BEGIN Input data

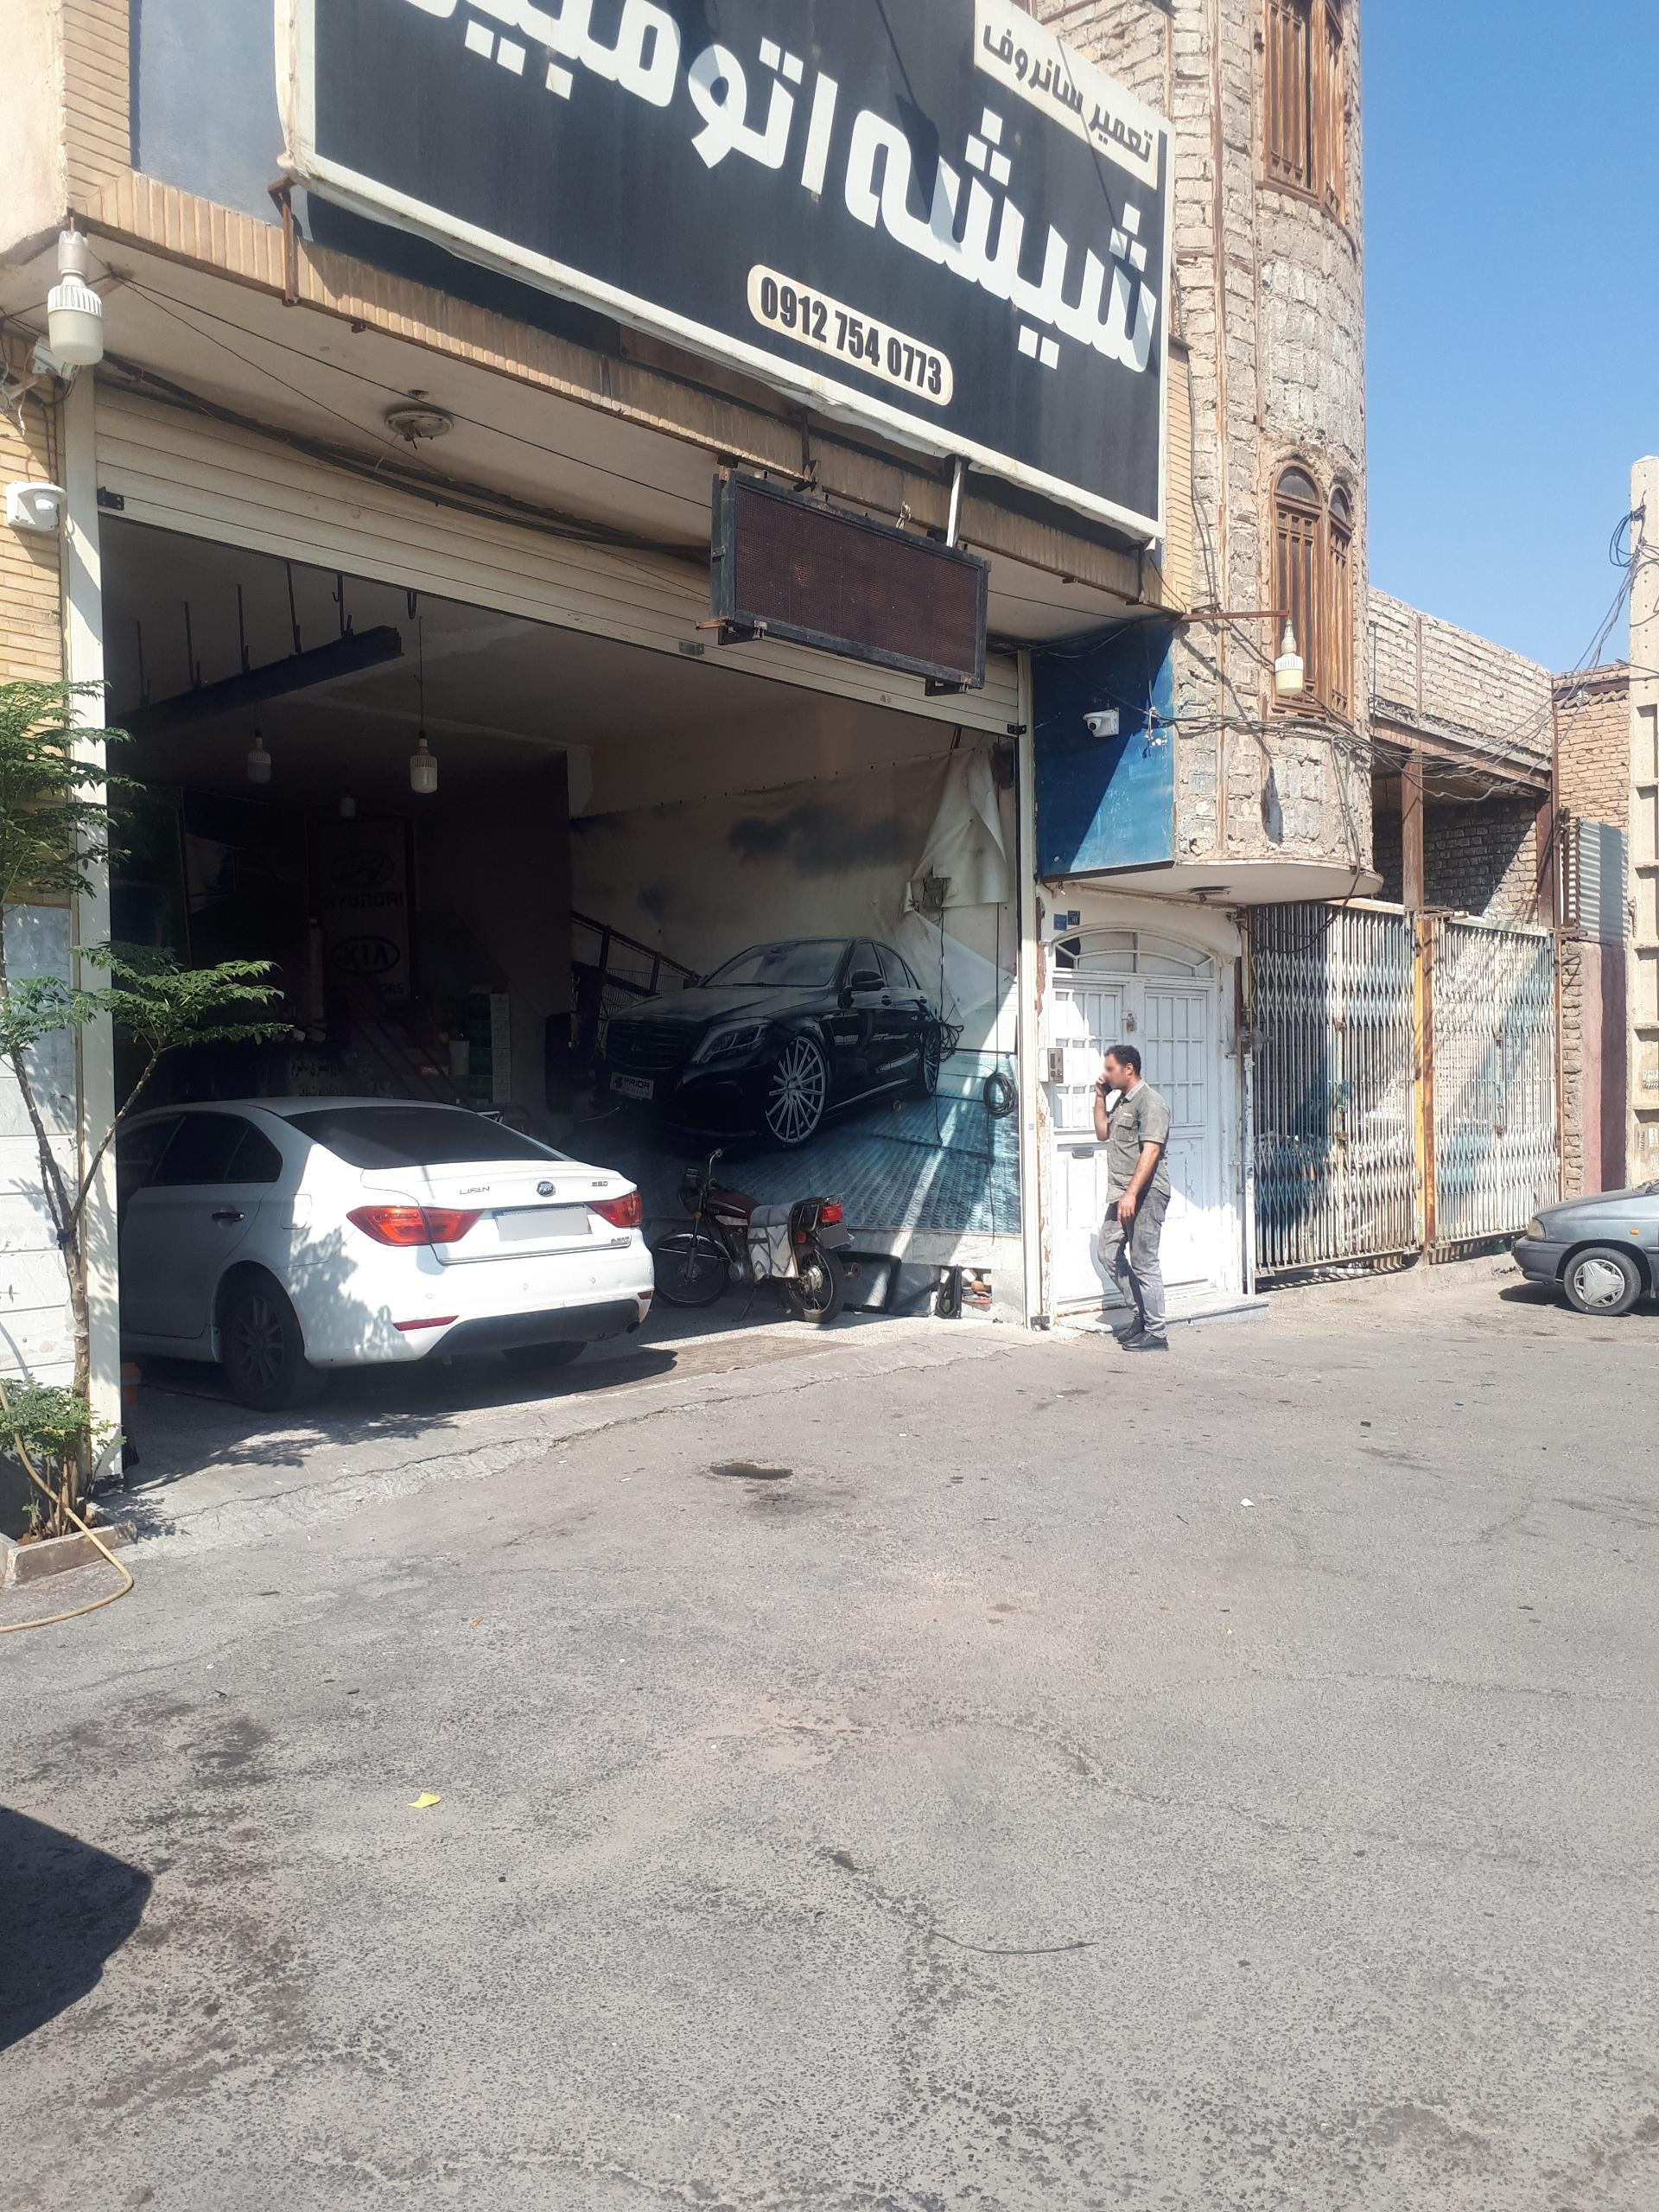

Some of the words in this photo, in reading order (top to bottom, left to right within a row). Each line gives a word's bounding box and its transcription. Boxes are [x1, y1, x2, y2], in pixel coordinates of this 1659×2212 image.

[402, 0, 838, 196] اتومبی
[982, 25, 1084, 115] سانروف
[1089, 104, 1154, 163] تعمیر
[845, 107, 1157, 373] شیشه
[760, 276, 828, 344] 0912
[835, 309, 880, 367] 754
[887, 337, 942, 396] 0773
[324, 891, 404, 908] HYUNDAI
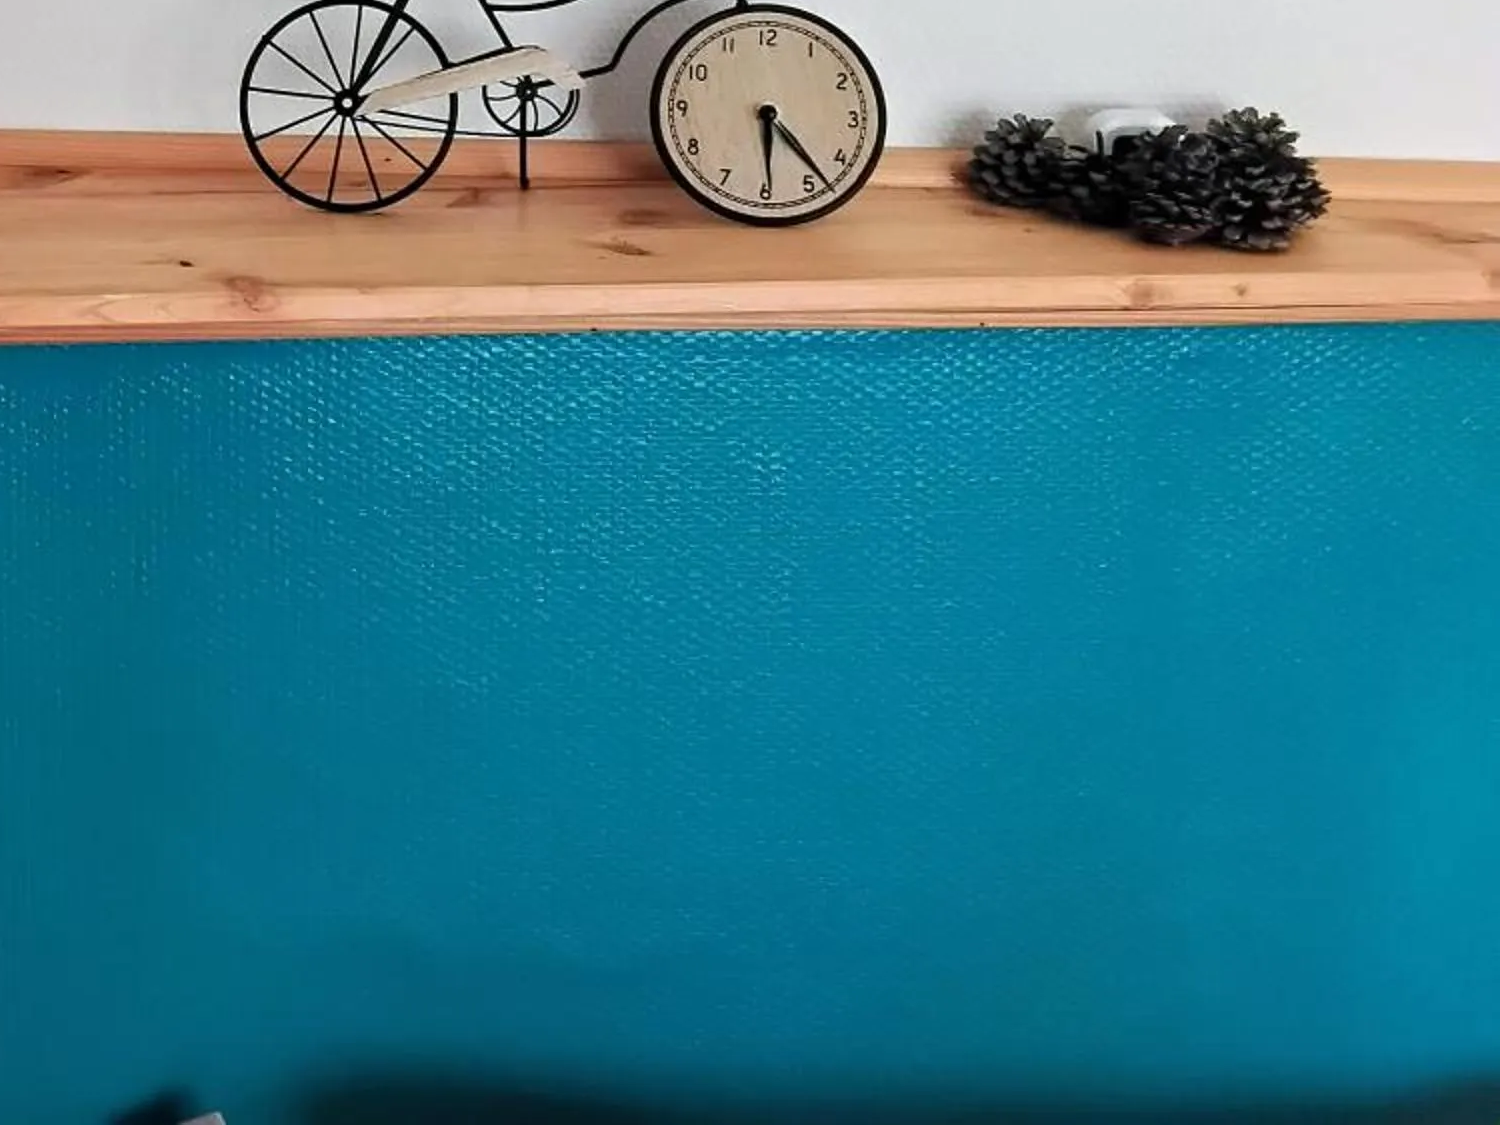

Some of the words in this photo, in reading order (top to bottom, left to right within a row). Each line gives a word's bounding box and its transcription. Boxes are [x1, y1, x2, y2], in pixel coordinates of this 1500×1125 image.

END Input data

• _What to produce_:
Leaving out the pictures, output each line above exactly as it is.

• _Exercise solution_:
Some of the words in this photo, in reading order (top to bottom, left to right within a row). Each line gives a word's bounding box and its transcription. Boxes are [x1, y1, x2, y2], in pixel coordinates of this 1659×2212 image.

[402, 0, 838, 196] اتومبی
[982, 25, 1084, 115] سانروف
[1089, 104, 1154, 163] تعمیر
[845, 107, 1157, 373] شیشه
[760, 276, 828, 344] 0912
[835, 309, 880, 367] 754
[887, 337, 942, 396] 0773
[324, 891, 404, 908] HYUNDAI

Some of the words in this photo, in reading order (top to bottom, left to right within a row). Each line gives a word's bounding box and its transcription. Boxes are [x1, y1, x2, y2], in pixel coordinates of this 1500×1125 image.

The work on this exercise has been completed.